From public services to market services

21 Apr

Richard Hatcher looks at the forthcoming government white paper.
In the next few weeks the government is publishing a new White Paper on public services. In February David Cameron wrote an article in the Sunday Telegraph signalling its purpose.

‘We will create a new presumption – backed up by new rights for public service users and a new system of independent adjudication – that public services should be open to a range of providers competing to offer a better service. […] This is a transformation: instead of having to justify why it makes sense to introduce competition in some public services – as we are now doing with schools and in the NHS – the state will have to justify why it should ever operate a monopoly.’ (S. Tel. 20 February)

In other words, the whole of the public sector, apart from a few exceptions – Cameron cites the judiciary and ‘national security‘ – will be available for privatisation. The thinking behind this is spelled out in a report called How to shift power from Whitehall to public service customers published last year by three senior partners at KPMG.1 In February this year, the same month as his Sunday Telegraph article was published, David Cameron appointed one of the authors, Paul Kirby, as the government’s head of policy development.

The KPMG report draws a negative balance-sheet of Labour’s reforms. ‘Public service reform has not been radical – the underlying structure and culture of public service professions, institutions and management has not been fundamentally challenged.’ (p1). The fundamental issue now is not cuts, it is privatisation.

‘The presenting issue is about levels of spending, but the real issues are about shifting control from providers to their customers and from bureaucrats to enterprising professionals. This is the only way we can enable people get what they need from public services, albeit for less.’ (p1).

Marketisation hasn’t gone nearly far enough, because there isn’t enough competition.
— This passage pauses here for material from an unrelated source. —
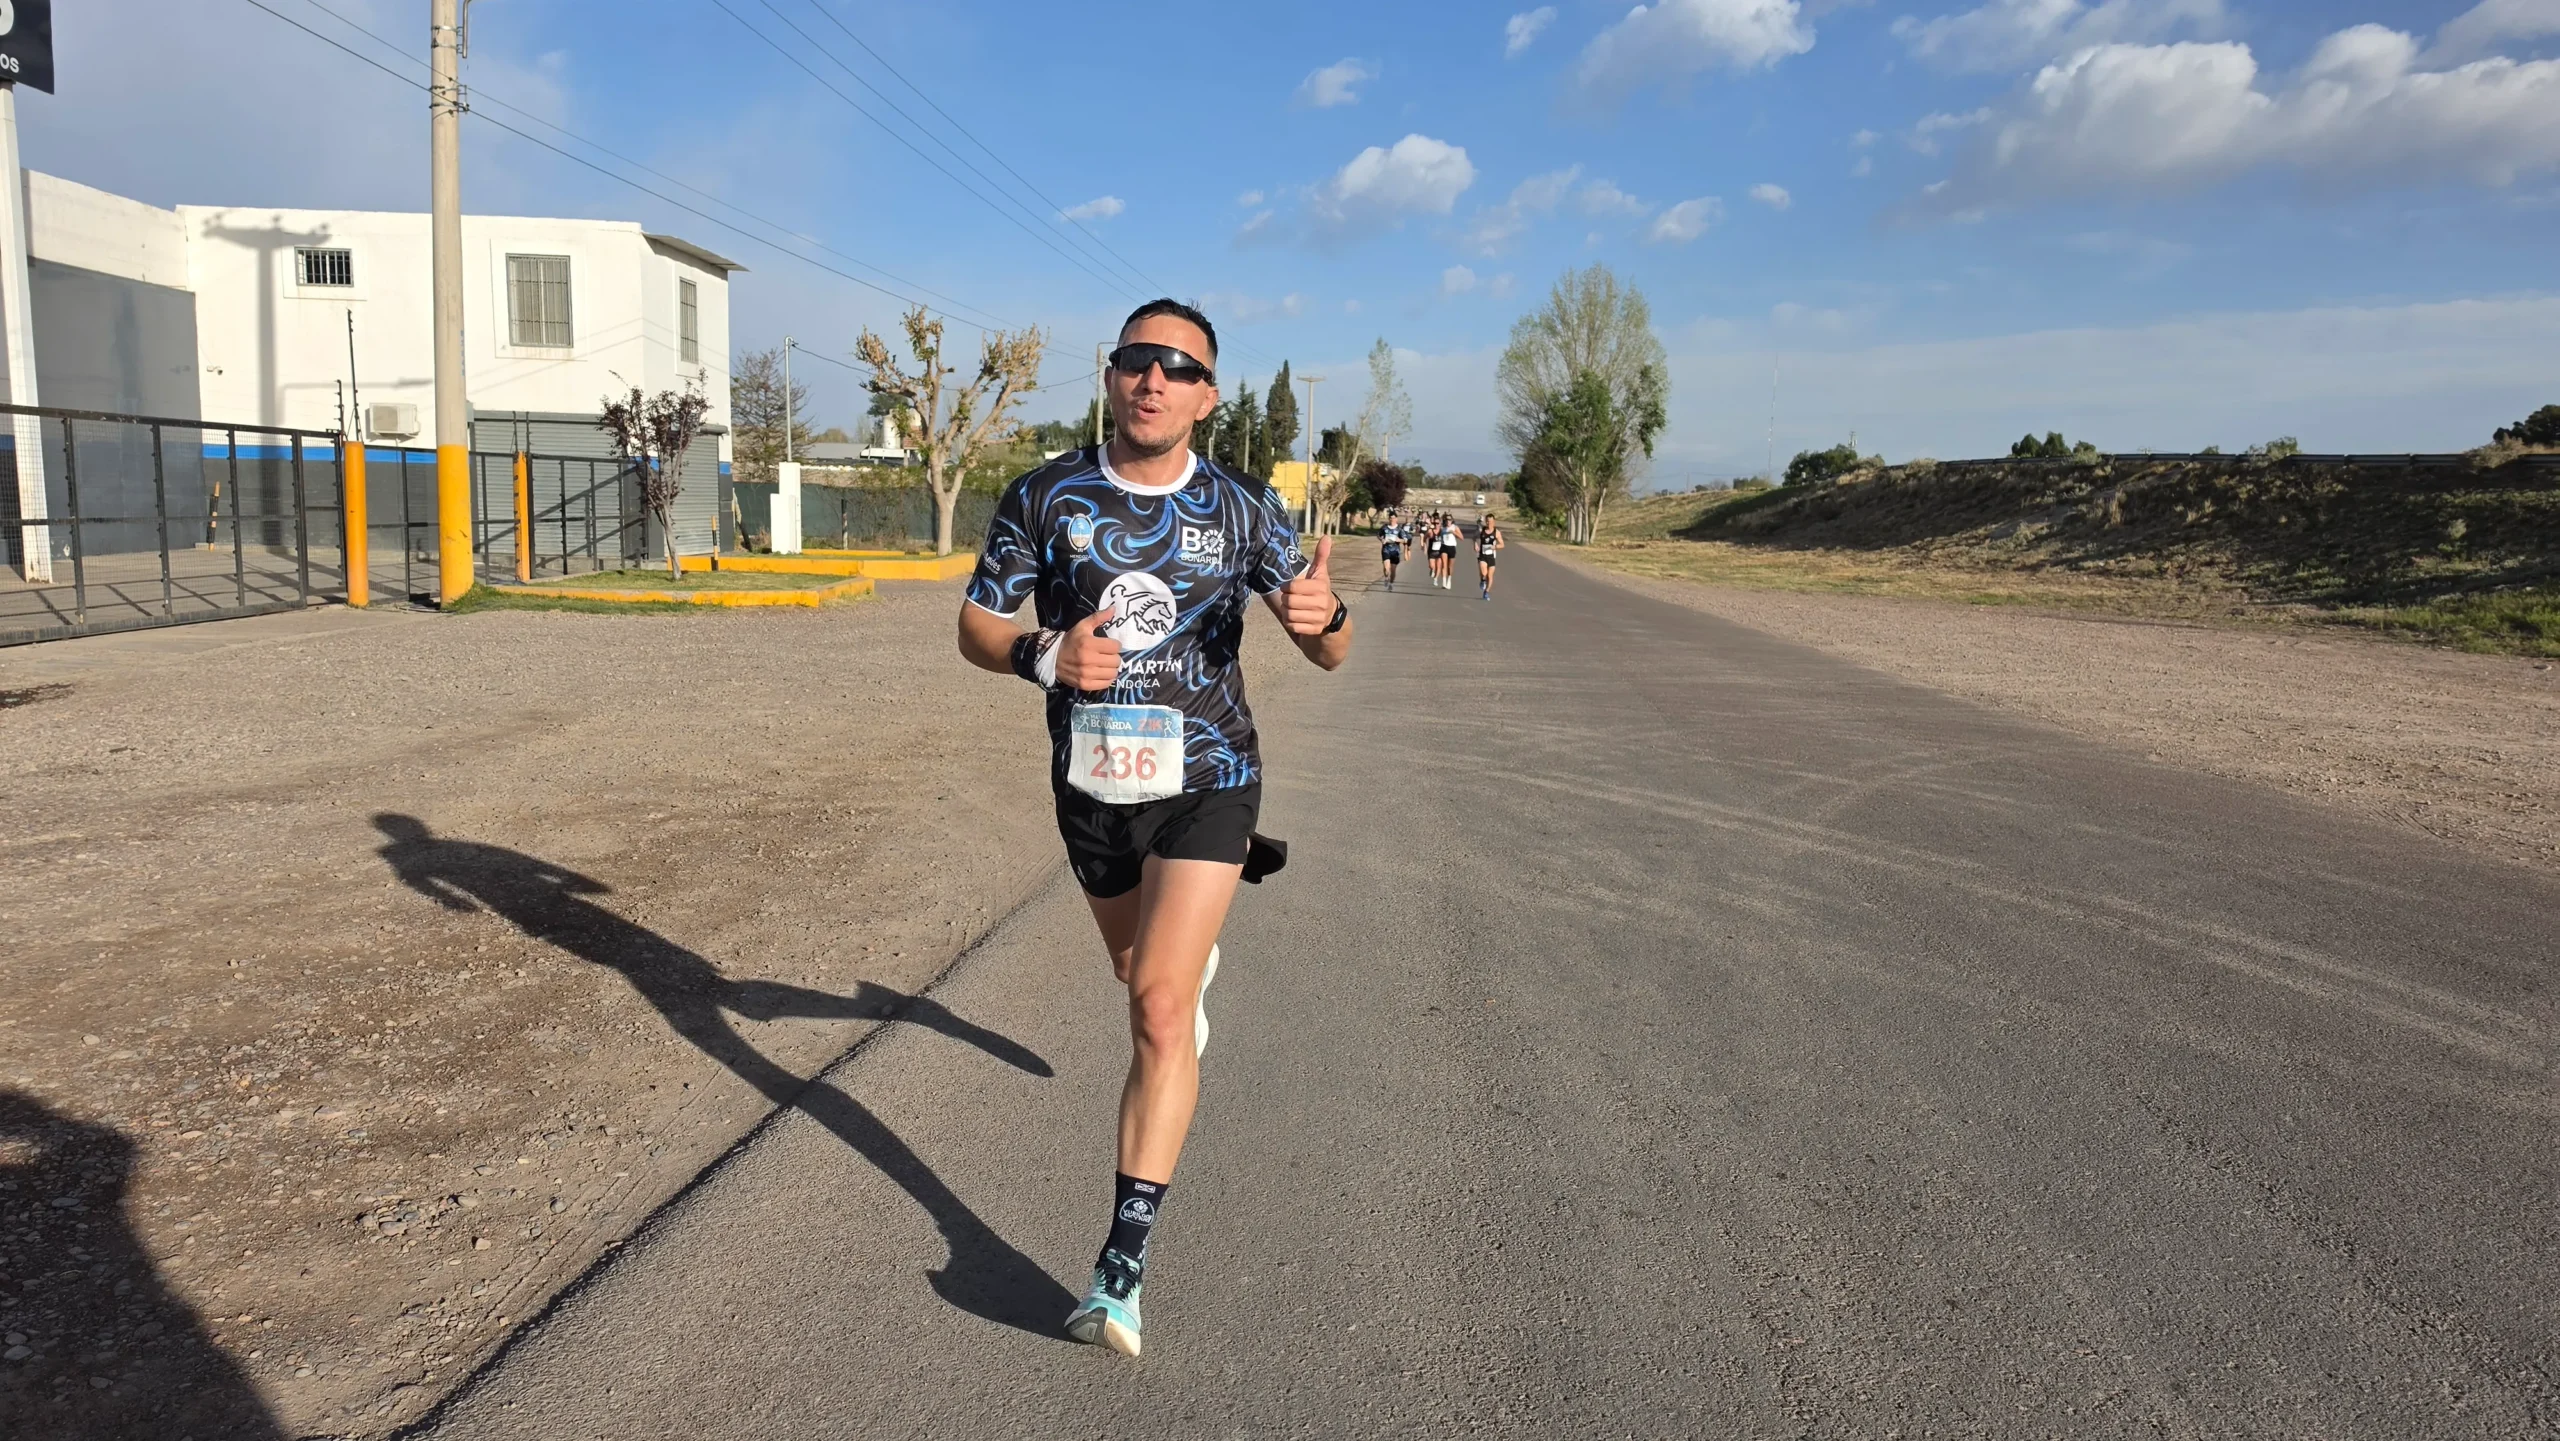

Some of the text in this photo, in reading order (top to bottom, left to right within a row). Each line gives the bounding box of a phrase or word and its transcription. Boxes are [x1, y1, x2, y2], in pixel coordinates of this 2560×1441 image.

[1109, 678, 1160, 689] ENDOZA
[1091, 719, 1132, 730] BONARDA
[1090, 744, 1157, 780] 236
‘Recent UK reform has tried to ‘marketise’ much of the public sector – creating buyers and sellers, transacting around defined services for annual funding. This includes: competition in the health service; money following the pupil, student and patient; a mixed economy of providers in social care; competitive tendering in blue collar and support services; transfers of social housing to new landlords; creation of executive agencies in the Civil Service; £10bn of services bought from the third sector; creation of PFI and other asset based PPPs. But these reforms have a more limited impact than many hoped (and some feared). The reality is that the ongoing income of the majority of providers has been guaranteed, even if their status has changed (to foundation trust, academy, RSL, outsourced care service, etc).
Public sector funding is far too sticky – once providers have funding, in reality they tend to keep it and have it increased every year.’ (p5).

The solution is almost total freedom for providers and payment by results (PBR).

(ii) Payment by results should be implemented across the public sector without exception – where it exists already, it should be made more forceful and sophisticated, where it does not exist, it should be introduced with very limited transitional periods.
(iii) Public service providers (whether public, private or voluntary sector) should be given almost total freedom to respond effectively to their customers and the PBR regime… (p1).

The government’s job is to rapidly construct this new free market in ‘public’ services. This requires new demand-side consumer control of funding, and new supply-side rights for providers.

On the demand side, services are divided into ‘personal services’ and ‘local services’. ‘Personal services’ include:

‘• Education – early years, schools, FE & skills, higher education and SEN.
• Health and adult social care – primary care, elective secondary care, dentistry, adult social care.’ (p12)

They would be funded through a voucher system.

‘In personal services, the funding [c. £200bn or over half of public services funding] should be in the hands of individual consumers, in education, health, and adult care. Money should follow the choices made by parents, patients, students and those receiving care.’ (p11)

The government would kick-start the market with

‘The use of a tariff to determine, as simply as possible, how much funding should be given to a customer to spend on their entitlement and to set the going price for providers. The tariff, e.g. X thousand per pupil, should include all the funding available, including any premiums for additional needs and any capital funding’ (p3).

‘For local services, the funding (c. £50bn or 15% of public services funding] should be unequivocally given to local communities to decide without any strings from Whitehall. Elected local people should be able to shape real local priorities and to pursue innovation in the services, accountable to local communities not Whitehall. This will include community safety, local environment, leisure, social housing and children services. (p11)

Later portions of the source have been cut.